Another user also pointed out:

+++++++++++++++++
FFmpeg maintainer here, and the details behind the caption decoding issues you're seeing in VLC are complex and horrific. They largely stem from how the EIA-608 caption format expects text to be laid out in a monospace grid onscreen, which isn't really how the text rendering stacks used for modern subtitling work (this is probably why changing the font caused problems on those Sony players); beyond that, the behavior can just end up pretty complex, and there's no convenient public-domain corpus of sample files for open-source software developers to test against.

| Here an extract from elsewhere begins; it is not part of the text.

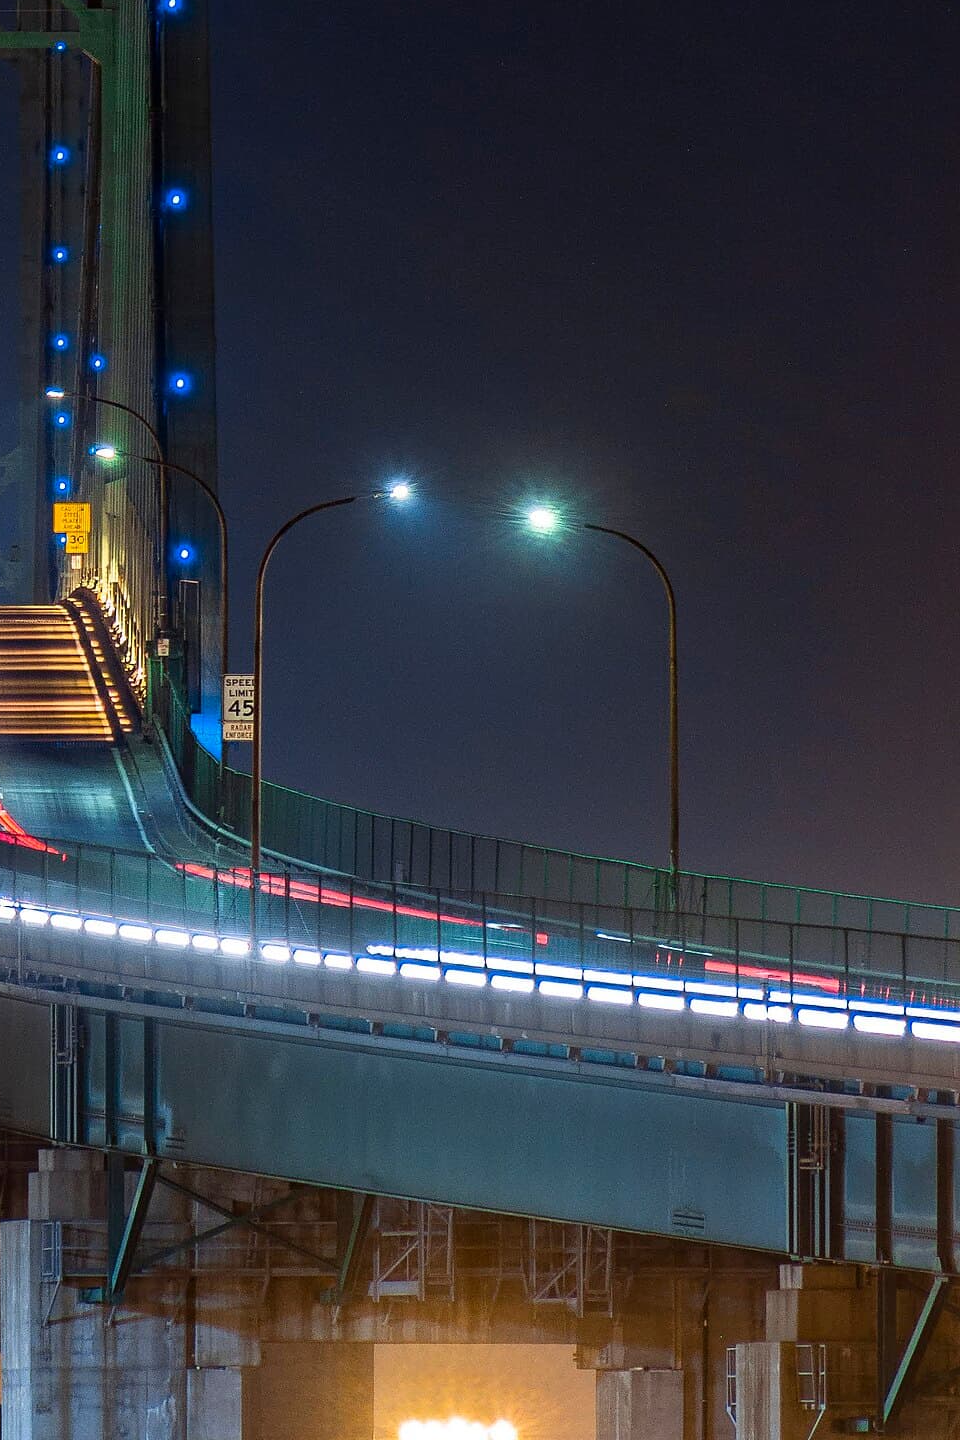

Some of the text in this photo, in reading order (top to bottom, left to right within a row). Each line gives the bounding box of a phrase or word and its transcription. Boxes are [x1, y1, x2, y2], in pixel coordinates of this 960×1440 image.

[69, 535, 84, 544] 30
[229, 689, 255, 697] LIMIT
[228, 700, 254, 716] 45

These kinds of issues also affect the Japanese (ARIB) and European (Teletext) formats to varying extents. These days, a lot of the focus ends up being on converting the text into modern Unicode text formats, styled using modern techniques, so direct rendering of the legacy formats hasn't had as much attention lately. If anybody reading this has some badly-behaved samples and wants to contribute, patches to improve the decoding and rendering behavior are definitely welcome, though!

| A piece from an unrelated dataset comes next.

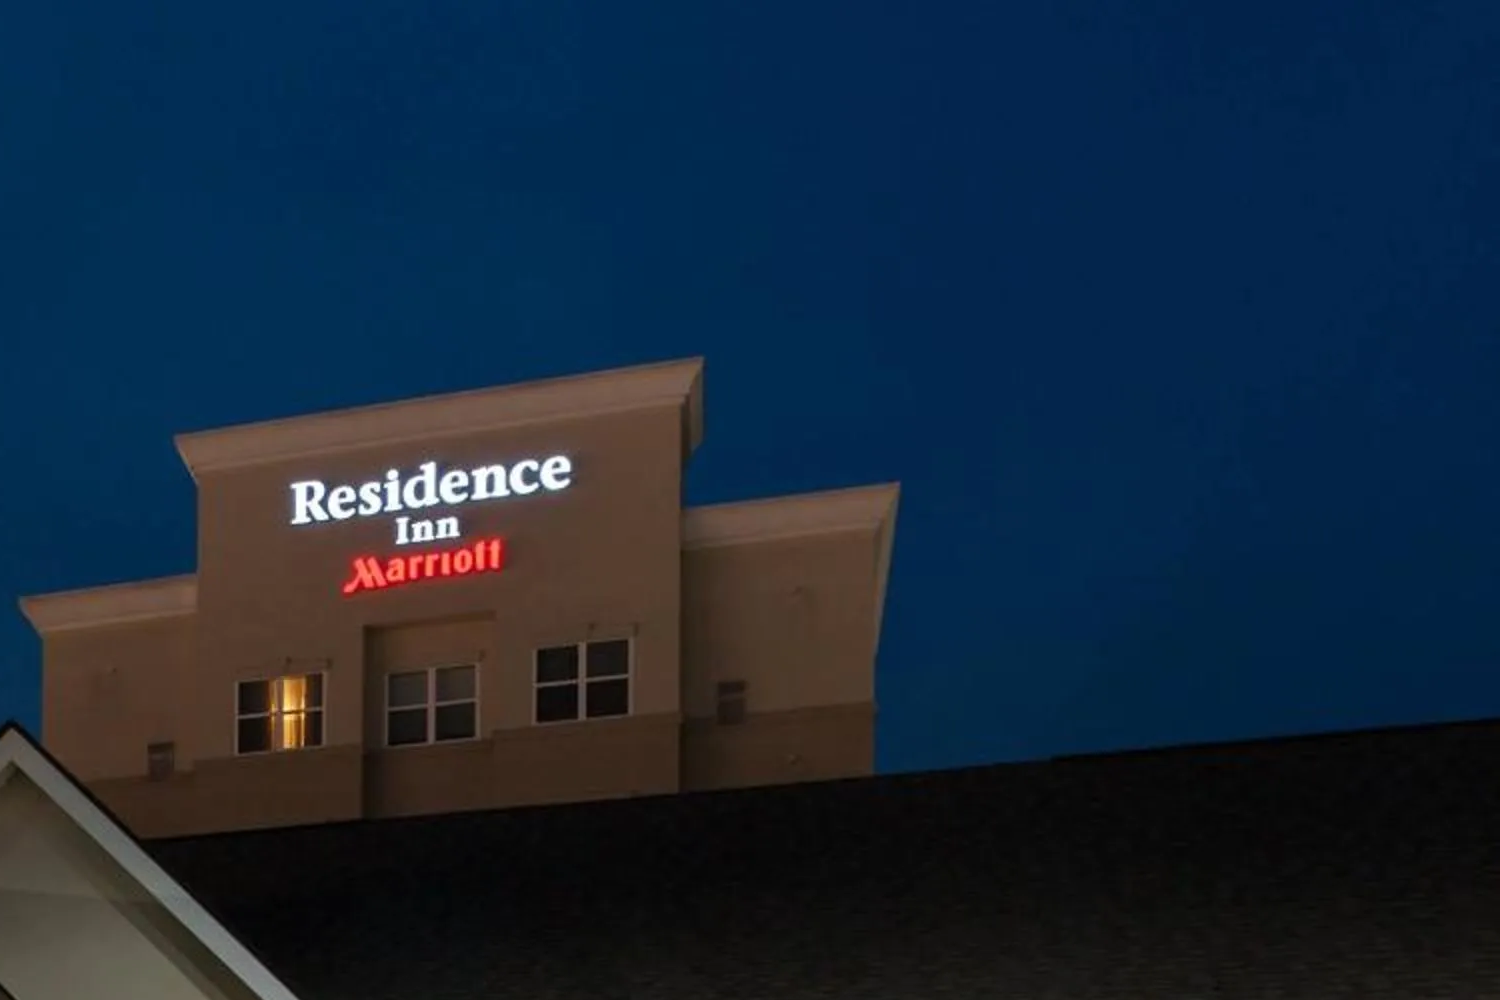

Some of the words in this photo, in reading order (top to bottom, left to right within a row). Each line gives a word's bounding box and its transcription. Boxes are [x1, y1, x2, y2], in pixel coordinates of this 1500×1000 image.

[290, 455, 572, 525] Residence
[395, 515, 461, 545] Inn
[342, 539, 503, 594] Marriott

One small correction: at 1:49 and 14:53, you say the players are "decoding" the captions, which isn't quite right. The captioning data embedded in the MPEG-2 bitstream headers (or H.264 in some more recent contexts) is the exact same format found on line 21 of the NTSC TV signal, so the player doesn't actually have to decode anything!

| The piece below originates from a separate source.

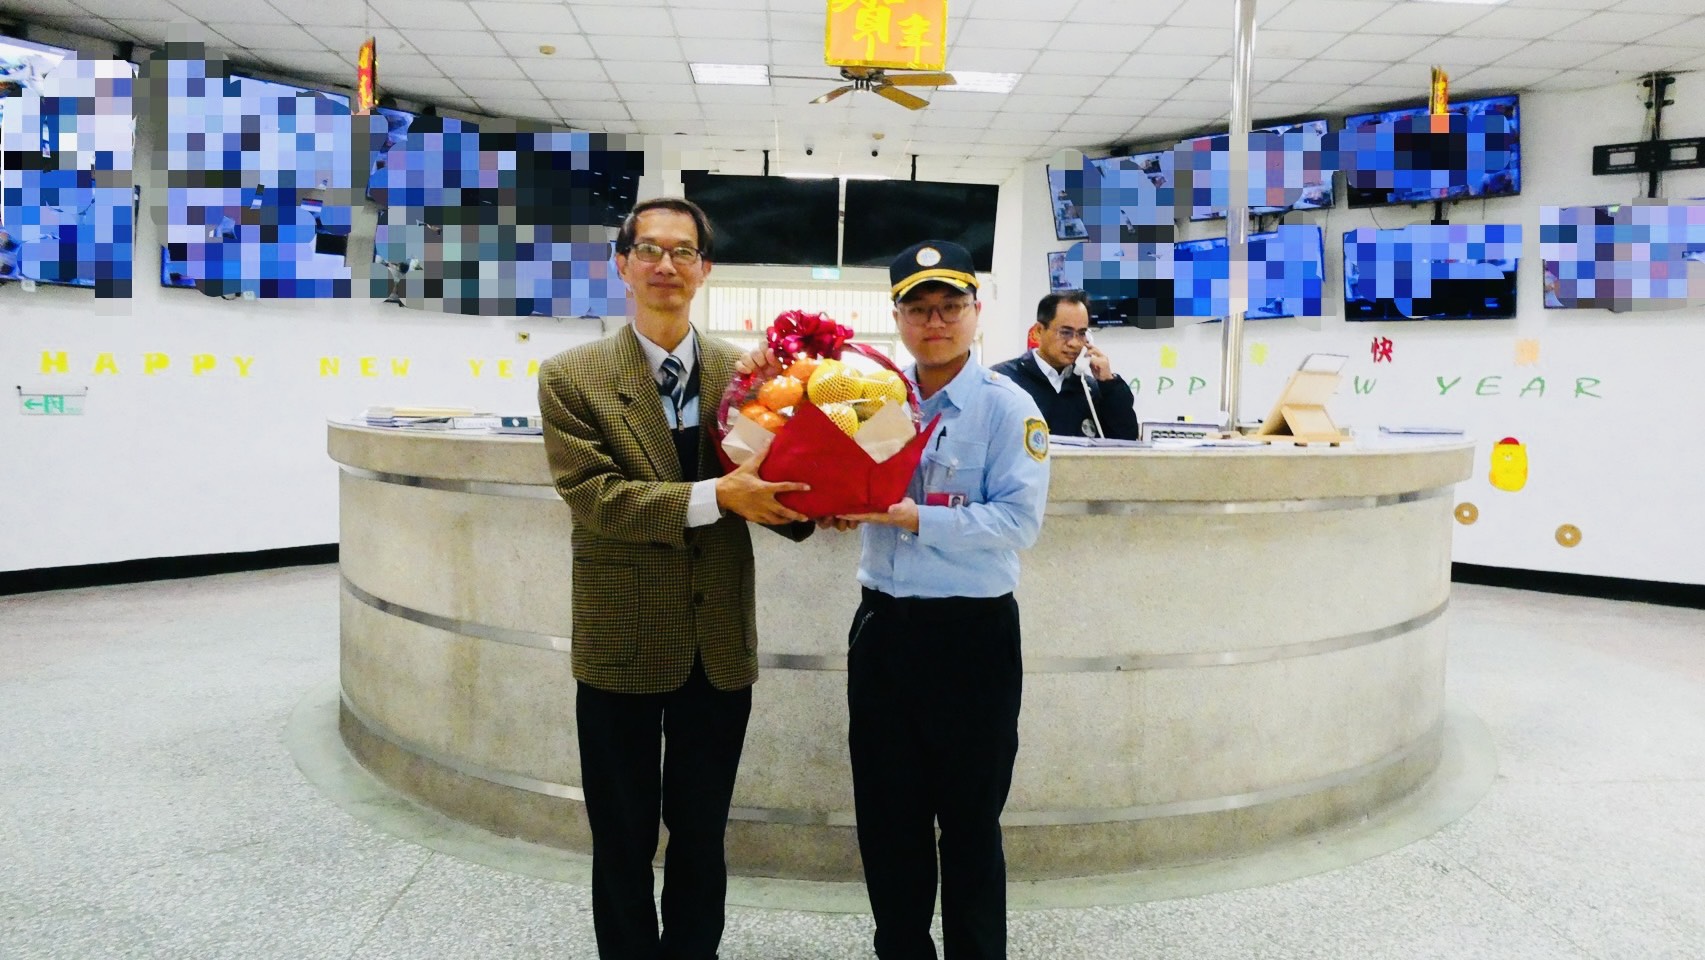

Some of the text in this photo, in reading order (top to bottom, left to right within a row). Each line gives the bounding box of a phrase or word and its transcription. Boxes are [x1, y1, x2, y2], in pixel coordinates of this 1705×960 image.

[1371, 336, 1393, 363] 快
[40, 350, 540, 378] HAPPY NEW YEA
[1129, 376, 1602, 398] APP YEAR

It just takes the 16 bits of caption data for the current field of video, and modulates them into low (0, black) and high (1, white) signals on its analog output, without having to know anything about what those bits actually mean. (EDIT: reworded for clarity, since some people seemed to think I meant that the caption data was literally stored as a row of pixels in the video frames on the disk, which is not the case.)
+++++++++++++++++

Emulgator

4th June 2025, 17:26

If somebody wants to dig into that I can point to a hardware implementation:
Zilog Z86229 NTSC Line 21 CCD Decoder (DIP18-300)
Can decode and overlay for 525- and 625-line systems
NTSC fH = 15,734.265kHz tH=63.555µs
Generated Output:
The active line width is divided into 48 cells, each giving total width for 16 dots.
Character Cell Width: 1.324 µs (tH/48)
Dot: 1/768*fH -> Dot Period: 82.75ns (12.0839MHz)
We sacrifice 2x 7 cells on the sides and use only 34 cells width for the CC canvas.
Box Row Width: 45.018µs 34chars = 34/48*tH
On the sides we further sacrifice 2x 1 cell width for canvas border and yield 32 cells net width for filling with characters.
Char Row Width: 42.370µs 32chars = 2/3*tH
Character Cell: 16x26 dots (2+Character+2, top+2 bottom+6.
The 2px headroom is never used, underlengths will use the 6px Footroom fully
Normal Capital Character: 12x18 dots, stroke thickness: 2 dots

Vertical Rendering is per field upon scan lines 43..237 of 262 (195 scan lines per field in total)

FCC: Caption data can appear in any of the 15 display rows, but a single caption may consist of no more than 4 rows.
Pop-on: After the buffering is completed: 1 complete caption is rendered
Paint-on: As characters are buffered, they are rendered one by one.
Roll-up: As lines are buffered completely, the old line is shifted up and the new one becomes base line,
up to 4 rows are filled, then the upper is deleted as the next moves up.
The Z86229 can display single captions spanning up to 8 rows.

0x00: x is row number. 8 is centered, there are 7 rows above (195 scanlines) and 7 rows (195 scanlines) below.
The canvas height would be 390 scanlines, 81,25% of the total 480 scanlines.
Using all video lines would yield 18,46 cell rows height, so there is headroom/footroom ~1 3/4 cell height each.
The canvas width would be 34/48 total (510 video pixel, 70,83% of the total 720 video pixel).
Characters can use 2/3 total (480 video pixel width, 66,66% of the total 720 video pixel).
Per side 1/6 width stays empty. Top and Bottom: 9/96 (9,375%) height stay empty.

And, IIRC, there is still the Microsoft Line21 Decoder waiting to be fed and hooked into.